I picked up 'may we be forgiven' by A.M. Homes at the library on the spur of the moment because I remembered that it won the Women's Prize for Fiction in 2013 and remained the only one of the winners that I had not read.  I have to say, not that women writers are not entertaining, but that I think I laughed aloud at this book more often than I have done at any of the others. It was funny in that 'just how bad can things really be' kind of way, and because of the incredible actions and reactions of Harold; he really is the most unlikely of heroes. I was thinking about men writing women and women writing men, and when I looked again at the list of winners I was surprised to realise quite how many of them have male central characters.

Harold is a Nixon scholar, giving rather lacklustre lectures at the local college and writing a book that he never seems to get around to finishing. At the family Thanksgiving dinner an affair begins between him and Jane, his brother's wife, and then a fatal car accident sets off a chain of tragic events that take over his life. However it was a life that he seemed to be drifting through rather aimlessly, and to begin with I found him a really hard character to bond with, but as he struggles to cope with the shit that life piles on him you begin to admire him, and his emerging tenacity and loyalty. It is as if you are watching someone quite literally build their life from scratch. He is abandoned by his wife and moves in to his brother's home to take care of the kids and pets. He had no idea what he is doing, having never taken care of so much as a houseplant before, but somehow he copes, and by the end of the year (that is encompassed by the book) he has drawn together a collection of waifs and strays and made a family. No one has ever asked anything of him before but once life starts to make serious demands he finds resources even he didn't know he had. He starts off very passive, things just happen to him, but as time passes he becomes the driving force in his own life, almost for the first time, and when he finally tells Amanda not to call again you are pretty confident it is going to be a lasting change. 

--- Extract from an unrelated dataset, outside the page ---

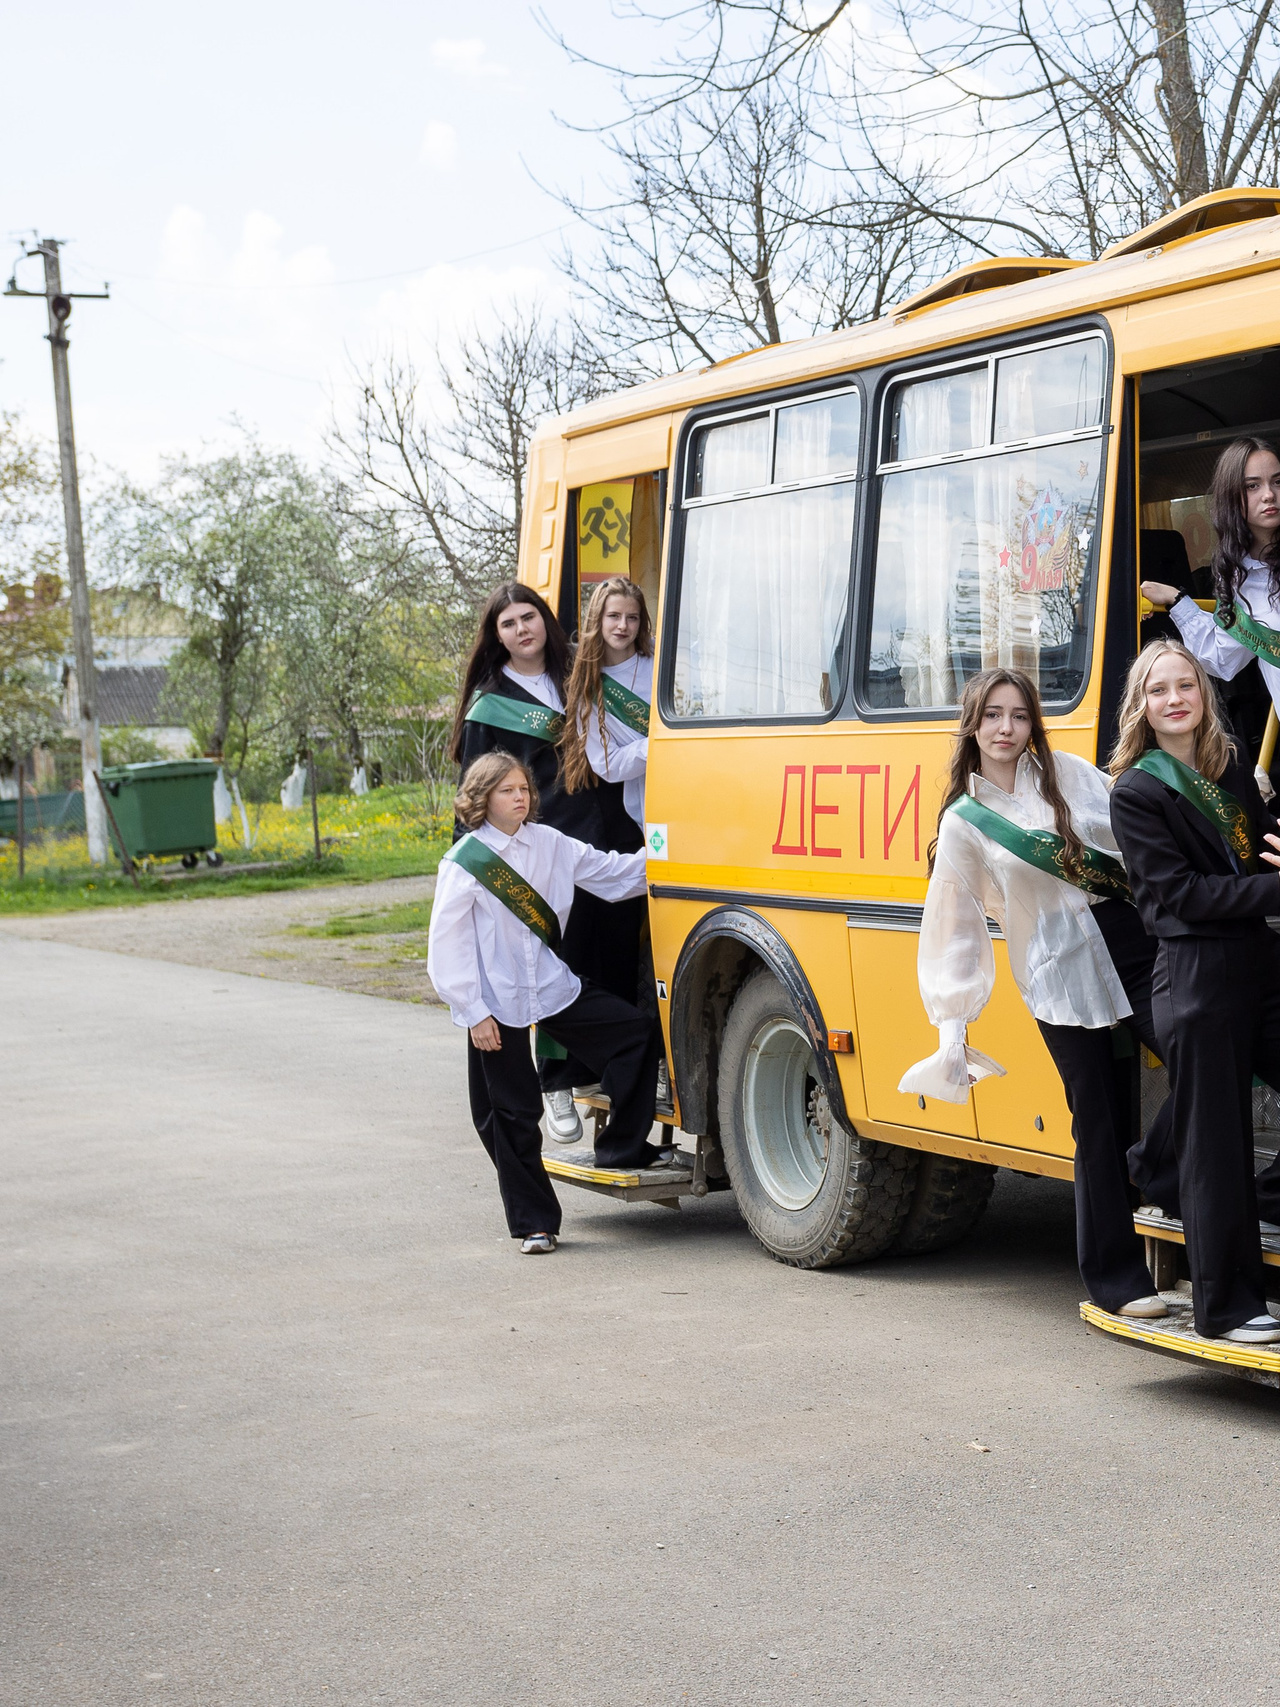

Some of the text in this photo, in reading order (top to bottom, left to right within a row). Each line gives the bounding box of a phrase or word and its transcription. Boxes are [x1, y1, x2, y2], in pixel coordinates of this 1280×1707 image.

[1021, 544, 1062, 591] 9 МАЯ
[772, 765, 921, 861] ДЕТИ

This is what his life is like early on:
"A minute after the minder is gone, I accidentally flip a massive clot of rich black dirt into my eye, blinding myself. I paw at my face, trying to clear it. I use my shirt, get up too fast, and step on the trowel, throwing myself off balance. I crash into the barbecue and rebound - mentally writing the headline: Idiot Kill Self in Garden Accident. It's Tessie who guides me to the stair, with me holding on to her collar, saying, "Cookie, cookie, lets go find a cookie." In the downstairs half-bath I let myself have it. "Shit face," I say, looking at myself in the mirror, thinking it really is possible that I didn't flip dirt into my eye but shit of some sort: Tessie shit, kitty shit, raccoon or deer shit - whatever it is has a funky smell, like a fancy cheese, cheese so rare and ripe that they keep it in its own cave and bring it out only for royal holidays. I have one eye open and am looking at myself in the mirror, giving myself a talking to, remembering another time when I looked in the mirror, I literally dissolved - the stroke." (p.179)

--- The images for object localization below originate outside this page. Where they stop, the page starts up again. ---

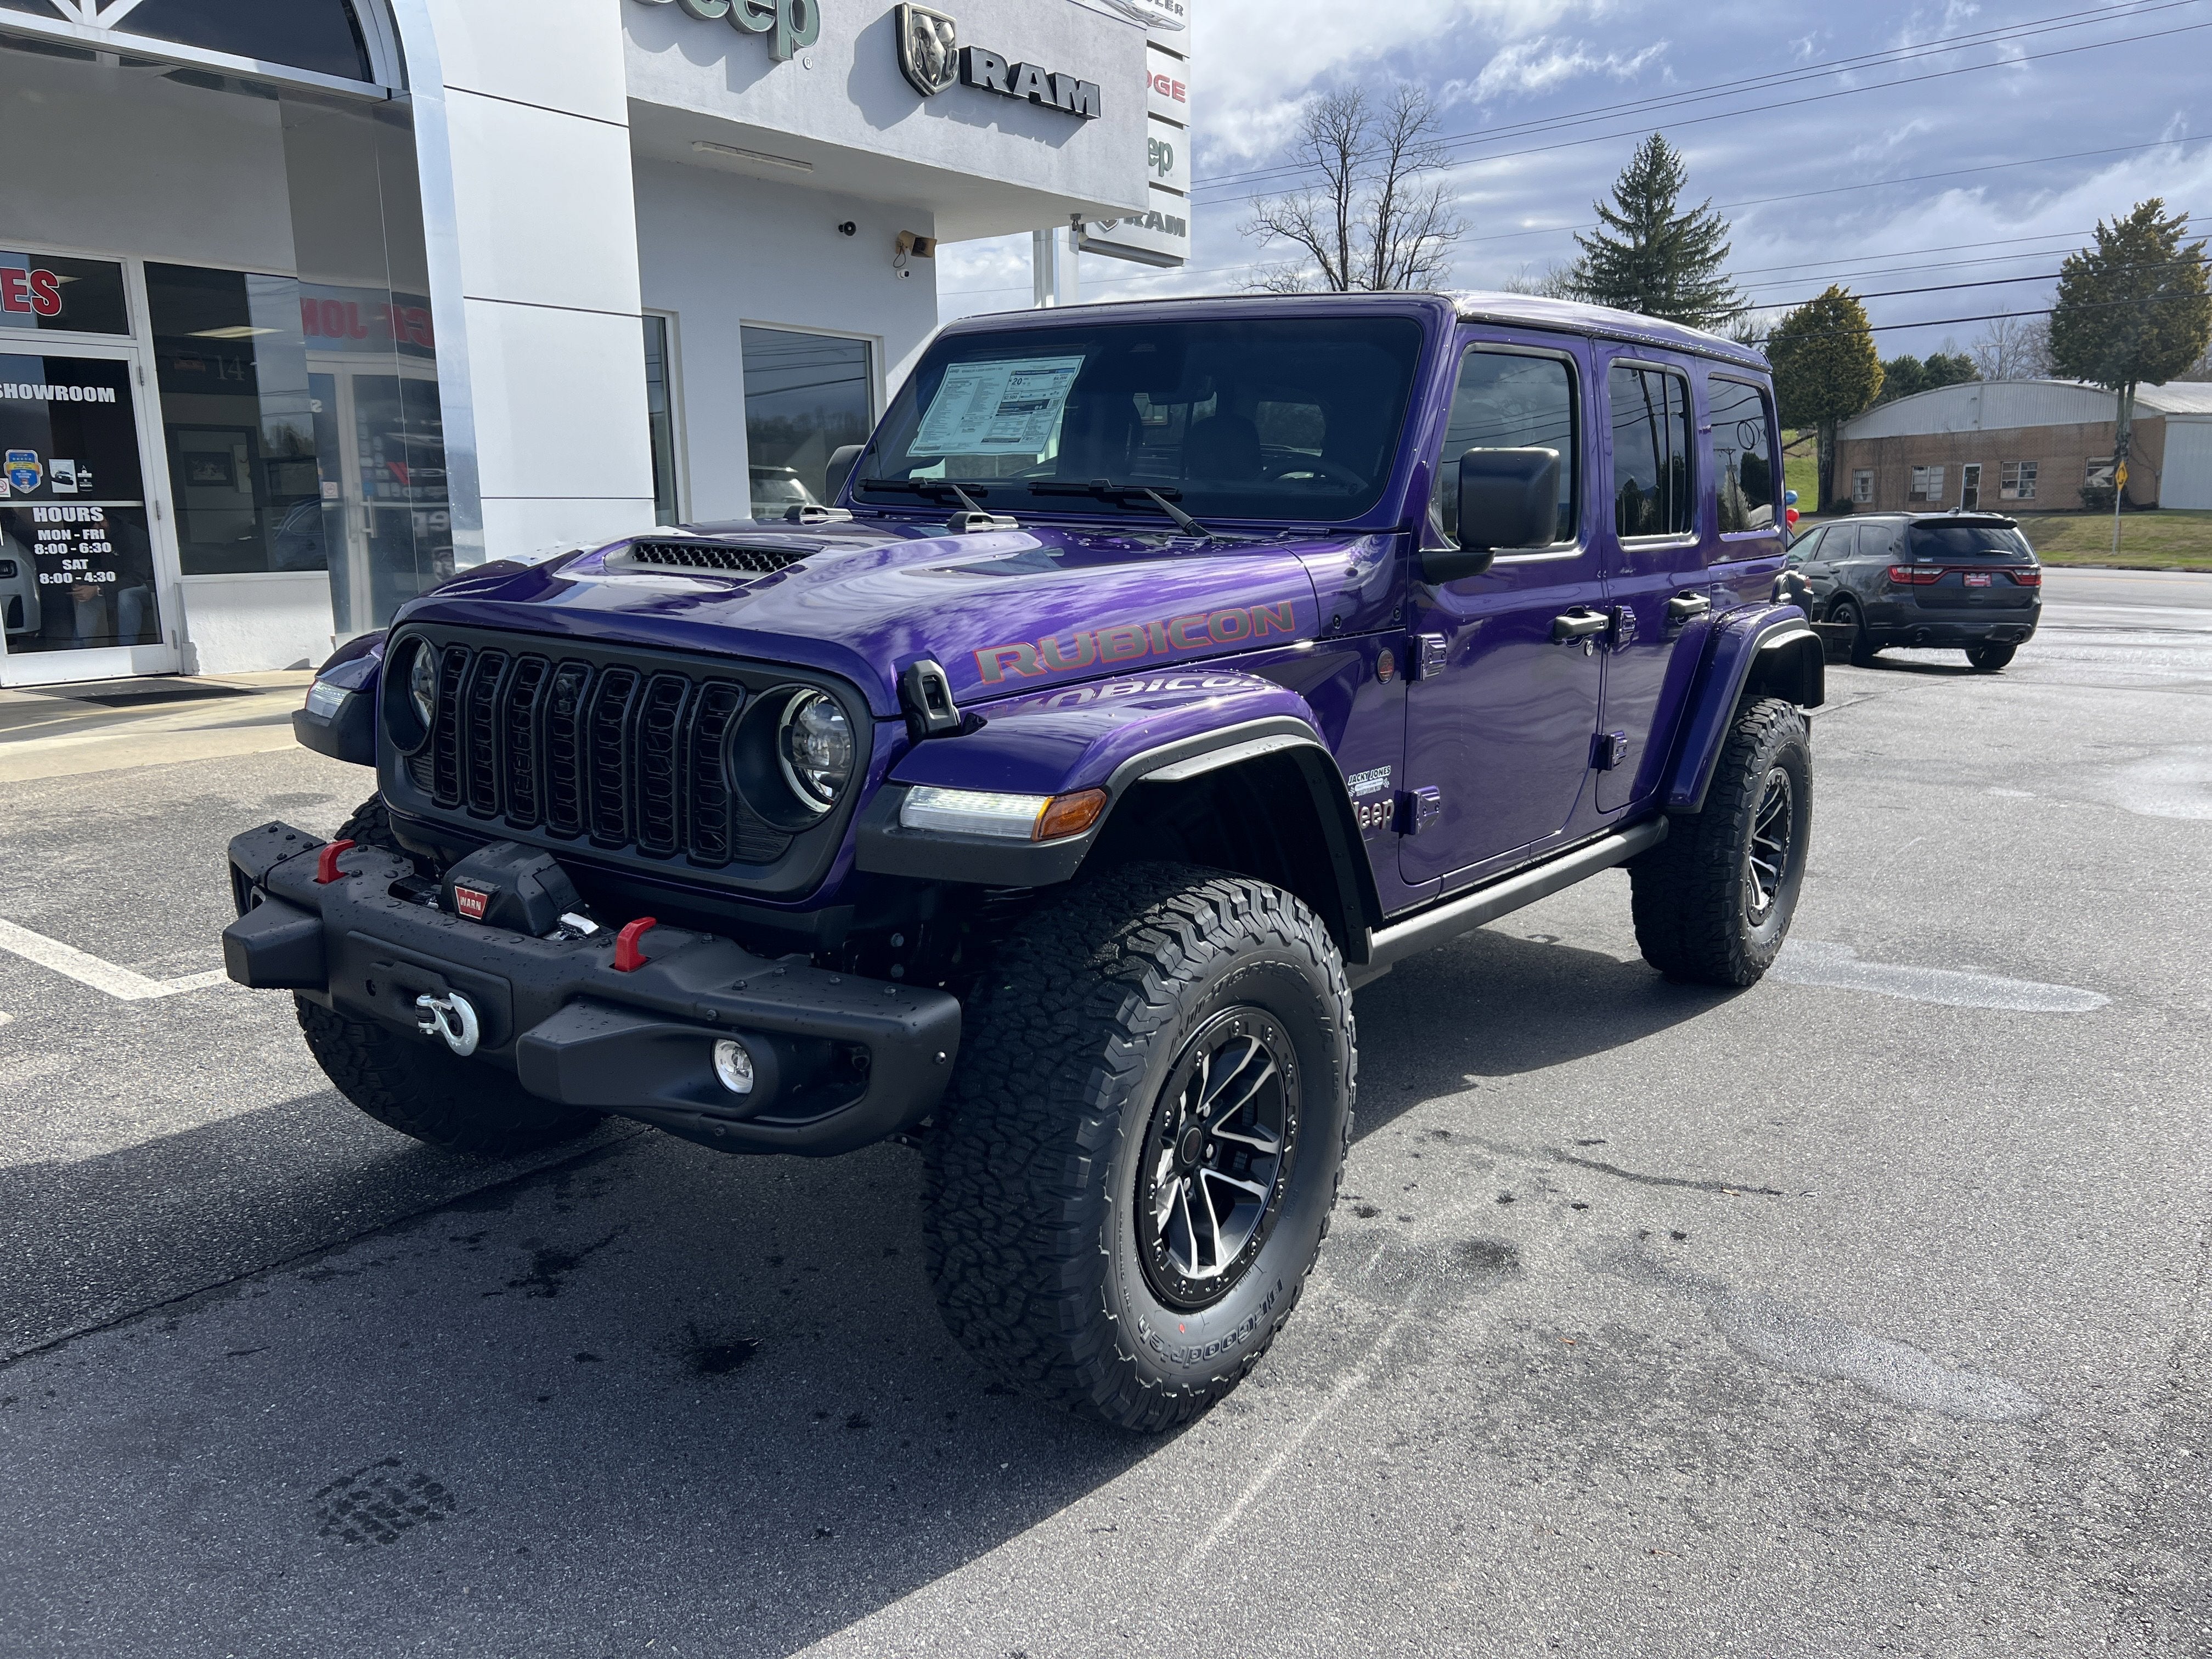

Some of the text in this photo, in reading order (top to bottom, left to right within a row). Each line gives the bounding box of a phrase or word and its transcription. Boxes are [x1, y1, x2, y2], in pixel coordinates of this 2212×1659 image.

[960, 46, 1101, 119] RAM
[0, 383, 116, 403] HOWROOM
[32, 507, 104, 522] HOURS
[37, 529, 72, 540] MON
[82, 529, 105, 540] FRI
[34, 543, 68, 555] 8:00
[79, 542, 111, 554] 6:30
[62, 559, 88, 570] SAT
[39, 573, 73, 584] 8:00
[84, 571, 116, 583] 4:30
[973, 601, 1295, 685] RUBICON
[1348, 771, 1370, 786] JACKY
[1369, 765, 1391, 780] JONES
[460, 896, 481, 911] WARN

This is the same man a few hundred pages later:

"I am cooking, cleaning, and packing three enormous duffels with a month's supply of sheets, pillows, bug spray, stamps and stationary, shirts, shorts, and bathing suits, while having an identity crisis - one I'm too old to have - against the backdrop of a heat wave and three children who are leaving for camp this weekend. Ashley and I have a talk and 'relationships' away from home and reaffirm that there should be no trading of physical favours between adults and children - and she shouldn't fool around with anyone more than three years older or younger, and what she does should be limited to 'the soft arts', a phrase I coined for the occasion. Ricardo and I review the plan I've come up with in collaboration with a colleague of Dr Tuttle's to wean him off his medications and add a variety of supplements. Nate and I go over his summer reading and extra-credit projects." (p.436)

... and talking to the psychiatrist (getting an assessment for the social services to apply to foster) (for info: George is his brother):

""George is a paranoid bully who doesn't see what's good for him and looks at me as the enemy no matter what I do." I blurt it out, and then there's a very long silence.
"And Nixon?" Tuttle asks.
"I'm not sure Nixon could psychically afford to accept that he did anything wrong. He desperately needed to think of himself as decent."
"Do you think your book is good?"
"Sometime I think it is a brilliant, reinvigorating discussion not only about Nixon but about an entire era. Other times I wonder if it's just a cultural hairball that took years to cough up."" (p.448)

It is a book about personal transformation and redemption, and creating community by drawing people in and allowing them to become more important. There are some surreal scenes with the CIA and stuff about Nixon that I assume is invented (though his daughter is a real person; who knew that Nixon's daughter married Eisenhower's grandson) and the whole Bar mitzvah in South Africa was also very strange but you just find yourself carried along for the ride. Another writer I am definitely going to read some more from.

1 comment:

  1. Thank you for this lovely review. I'm slowly making my way through the Women's Prize winners and now know I'm going to enjoy this one. "Cultural hairball" is a golden phrase!